Eis alguns eventos dos últimos tempos que nos deviam preocupar:

O primeiro-ministro com mais tempo para “trabalhar”. O primeiro-ministro só terá de ir obrigatoriamente à Assembleia da República uma vez de dois em dois meses, numa votação de Bloco Central mas que teve 28 socialistas e apenas 7 sociais-democratas a votarem contra. Vai ser assim a partir de Setembro, uma decisão que nos deixa com mais perguntas do que respostas.

O que leva um partido da oposição, como o PSD (todos os outros foram contra), a querer o primeiro-ministro menos vezes no Parlamento? E porque razão decidir agora, quando o Governo depende mais do que nunca do Parlamento – não há Gerigonça 2.0, apesar de António Costa dizer que a quer –, quando estamos perante a pior crise das nossas vidas e quando vão chegar a muito curto prazo de Bruxelas o equivalente a 3% do PIB de 2019 que teremos de aplicar até 2023? E porque razão ainda deixar que isso aconteça quando são preocupantes os sinais de controlo do Estado por parte do Governo, dificultando o seu escrutínio em diversas frentes, colocando pedras nos pesos e contrapesos que o regime tem? (Veja-se o Tribunal de Contas, com a pandemia a justificar que seja contornado; veja-se o que se quer fazer com a Unidade Técnica de Apoio Orçamental a pretexto de alterações à Lei de Enquadramento Orçamental ou ainda como o Governo acabou por fazer transitar o ex-ministro das Finanças para governador do Banco de Portugal em pouco mais de um mês, só para dar poucos exemplos).

O líder do PSD Rui Rio justifica essa convergência com a vontade de António Costa, considerando que os debates quinzenais não são eficazes no escrutínio do Governo e que o primeiro-ministro não pode passar a vida no Parlamento, tem de trabalhar. Enganámo-nos os que pensámos que prestar contas aos eleitos pelo povo era um dos mais importantes trabalhos do primeiro-ministro. E se o escrutínio não se faz é, frequentemente, porque o Governo se recusa a responder. Um exemplo no último debate do Estado da Nação. O deputado do PSD Ricardo Batista Leite quer saber a razão de entregar à ANA as multas aplicadas a quem entra em Portugal sem teste de Covid feito, em vez de usar esses recursos também para o SNS. O que respondeu a ministra da Saúde? Que o SNS não precisa de dinheiro e que não foi o PS a privatizar a ANA. E por aqui se ficou, como se as respostas de Marta Temido fizessem algum sentido. Ninguém ficou esclarecido e não foi por responsabilidade de uma pergunta que não fosse justificada.

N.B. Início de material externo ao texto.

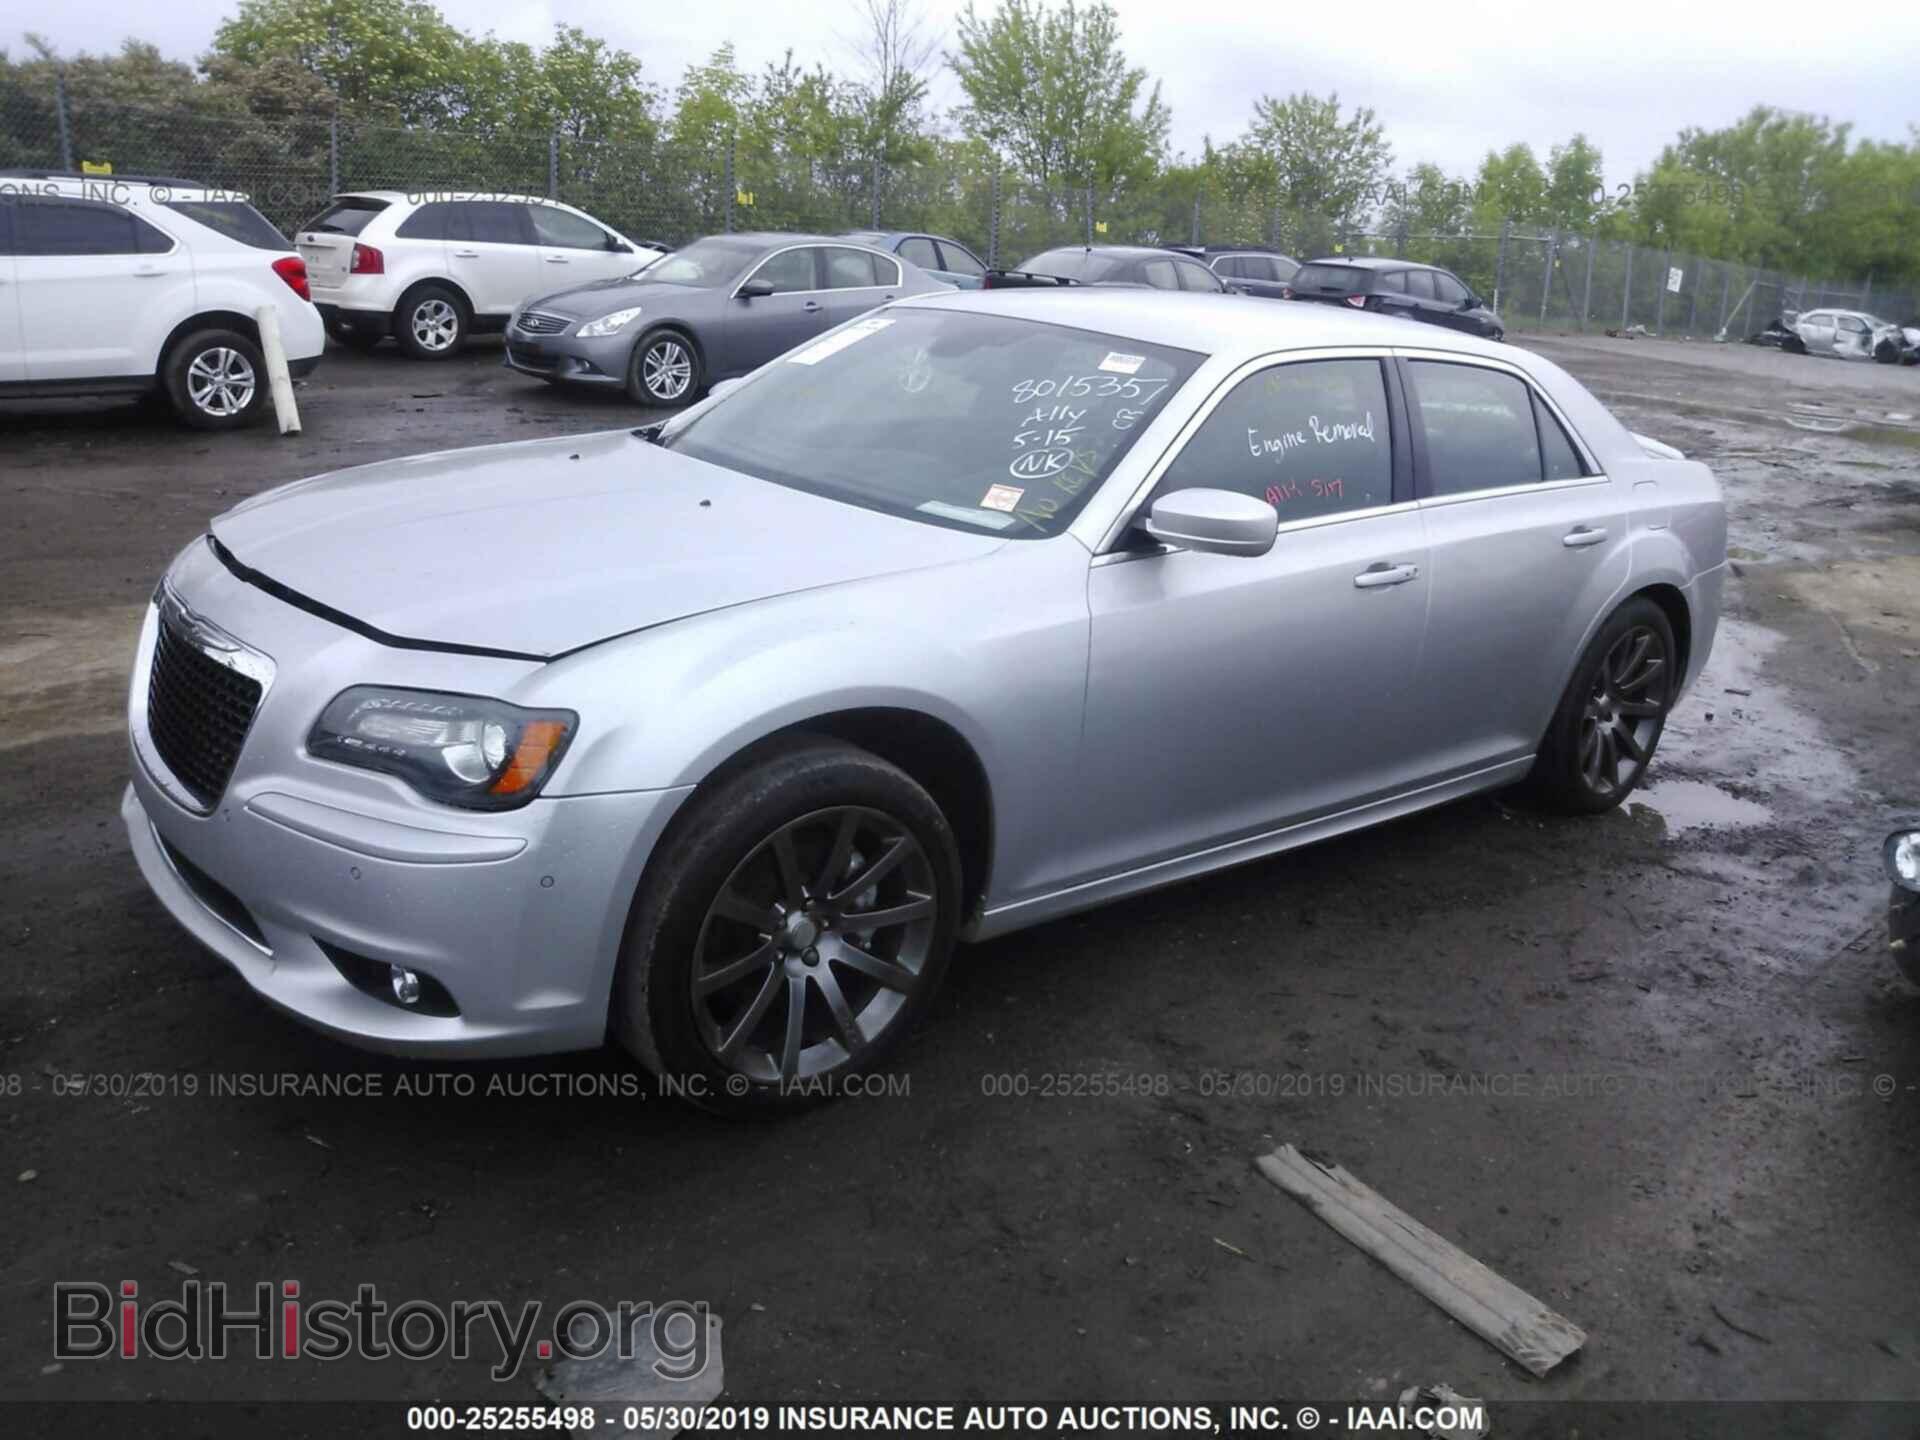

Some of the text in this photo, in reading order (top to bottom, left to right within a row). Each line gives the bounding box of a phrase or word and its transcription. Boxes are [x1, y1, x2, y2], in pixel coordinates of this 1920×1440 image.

[1012, 426, 1086, 448] 5-15
[1247, 411, 1376, 464] Engine Removal
[1017, 453, 1068, 476] NK

Com o que se decidiu, o regime fica politicamente mais pobre, os deputados do PS e do PSD que não tiveram a coragem de votar contra desvalorizaram o papel que têm, mais jovem verão ainda mais o Parlamento como uma instituição que não percebem para que serve. E se o objectivo foi calar o Chega e o Iniciativa Liberal, é um preocupante sinal de que não se está a perceber como e porque é que esses partidos, especialmente o Chega, estão a conquistar eleitores. A política também tem horror ao vazio e um debate que não se faz no Parlamento far-se-á noutros lugares, pior enquadrado e gerando mais riscos para a democracia. A censura nunca foi boa.

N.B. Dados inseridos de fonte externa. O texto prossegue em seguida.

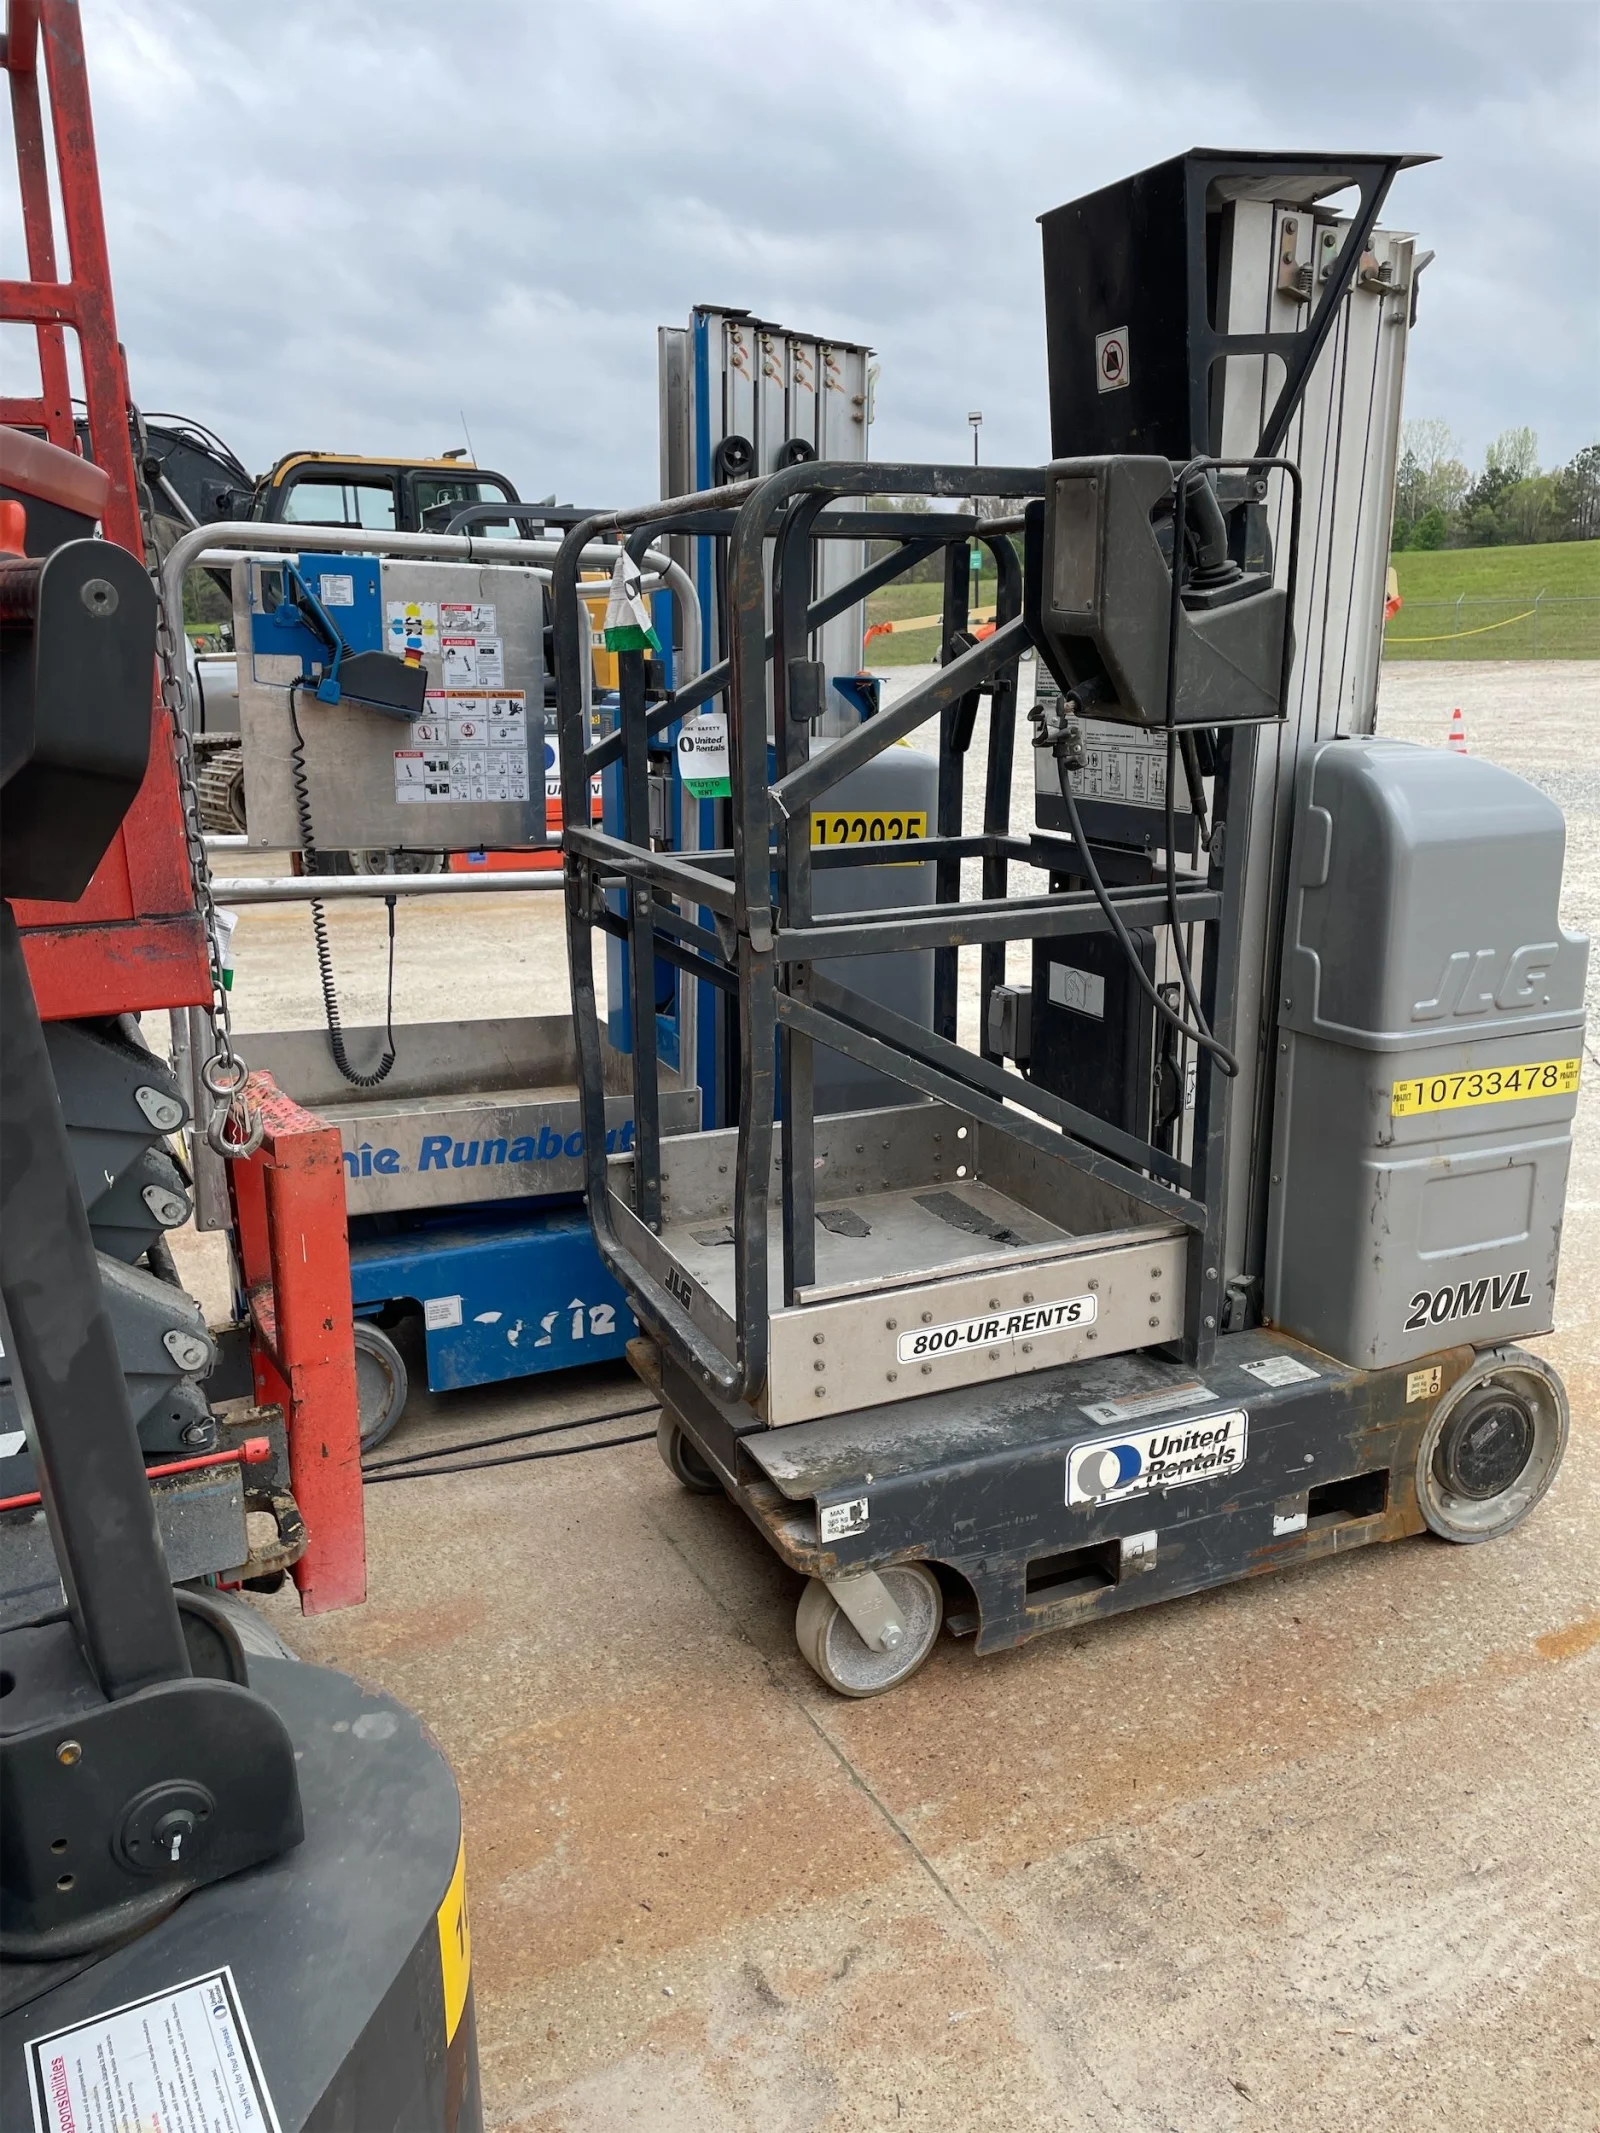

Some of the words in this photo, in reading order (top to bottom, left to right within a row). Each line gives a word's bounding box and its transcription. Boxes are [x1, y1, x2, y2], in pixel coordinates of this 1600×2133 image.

Tudo se compra, tudo se vende, depende do preço? Será esta uma realidade por muito que desejemos que não seja assim? Pois é uma das mais horríveis constatações destes últimos tempos. Todos festejamos os biliões que foram aprovados numa das mais longas Cimeiras europeias da sua história. Mas por trás desses biliões houve uma cedência europeia e todos passámos a ser cúmplices do que se passar na Hungria e na Polónia, dois países que começam a ser generalizadamente apontados como não sendo democracias.

António Costa foi ao ponto de se reunir com Viktor Orbán num pragmatismo que lhe gerou justas criticas, das quais até se defendeu num artigo de opinião no Públici, em resposta a Rui Tavares. Disse o primeiro-ministro que “o Estado de Direito deve ser tratado na sede própria e os valores não se compram nem se negoceiam”, a clarificar a sua posição em critica a uma notícia da Lusa, como se pode ler aqui. Pois parece que sim, que não se compram mas podem estar à venda como se afirma na newsletter do Politico.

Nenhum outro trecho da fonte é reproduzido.